Radhika Kannan – Stand Together
Radhika Kannan opens up about how she coped with her mother’s death and became more of a complete person as a result.
During the winter of my junior year, my mom died from what started out as the flu. I could not understand how in a span of three days someone who I had just talked to and who had laughed at my crazy jokes could somehow cease to exist. I learned that as much as I looked for answers for what had happened, some events in life are unpredictable and don’t have clear answers. Coming back to college was one of the hardest things I’ve ever had to do. Among my group of friends, I began to feel like an outsider, someone who was incomplete, but I had to accept that this was my new reality. I would not be able to call my mom about my bad days, my good news, or even that econometrics final, which I had studied so hard for, but still felt like I knew nothing.

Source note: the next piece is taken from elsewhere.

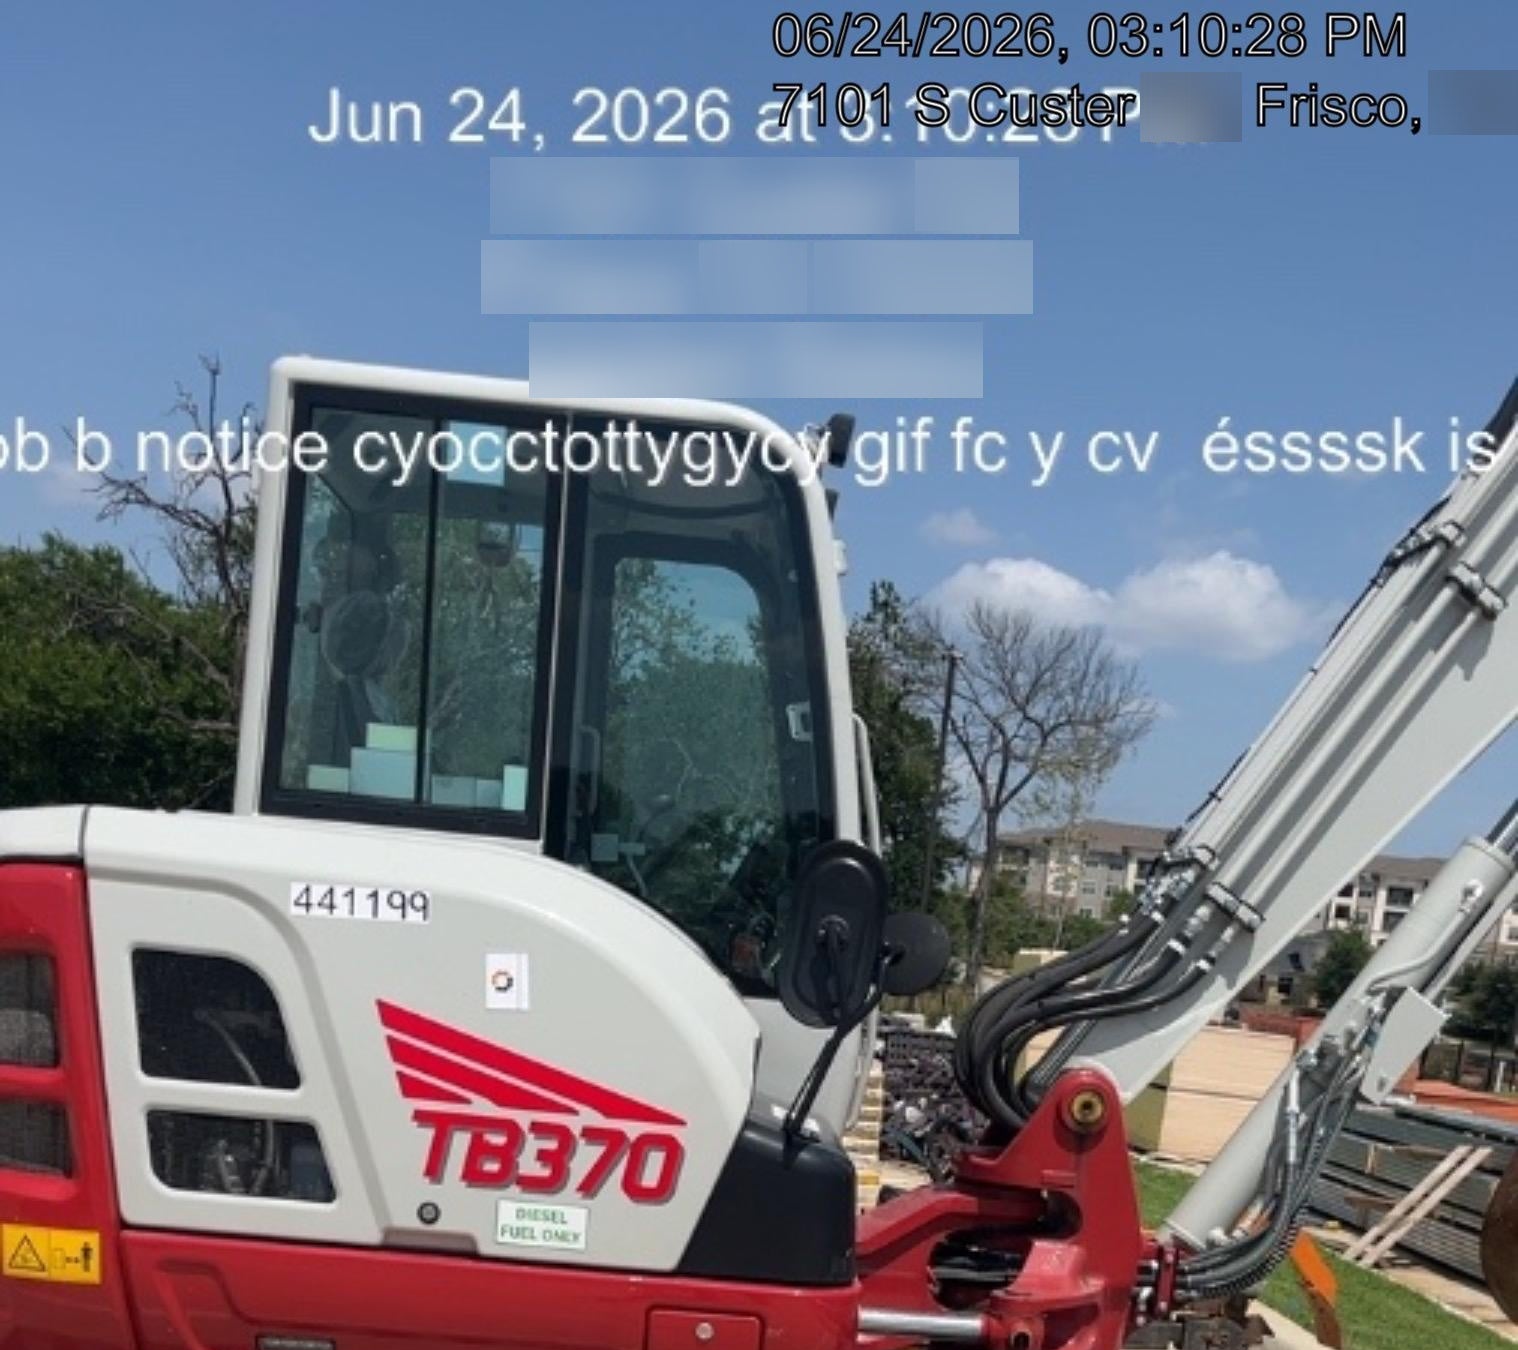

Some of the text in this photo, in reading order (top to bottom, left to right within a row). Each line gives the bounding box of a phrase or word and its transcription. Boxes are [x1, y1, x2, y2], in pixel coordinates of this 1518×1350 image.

It was in one of those moments when I was emotionally at my lowest and really did not feel like facing college every single day that I understood that I had to let people in. I had been fiercely independent to the point where it was a source of pride for me not to ask for help, but I needed help. People who I have never before approached for any kind of personal assistance helped me in such unexpected and touching ways. People opened their doors and opened their hearts, sometimes even sharing personal stories of loss with me. They gave me a sense of hope, optimism, and just made me laugh in what was such a dark time for me. The way in which we stand by each other makes for a solid foundation for becoming resilient.
The fact is life is really unpredictable, which all of us will find out to varying degrees. I am not ashamed to admit that I am afraid for the future. We are entering a world that is changing faster than ever, from climate change to population growth, but one that is also improving every day. I leave you with this final thought. I urge you to think about which communities you can let in and which communities you have the power and ability to affect.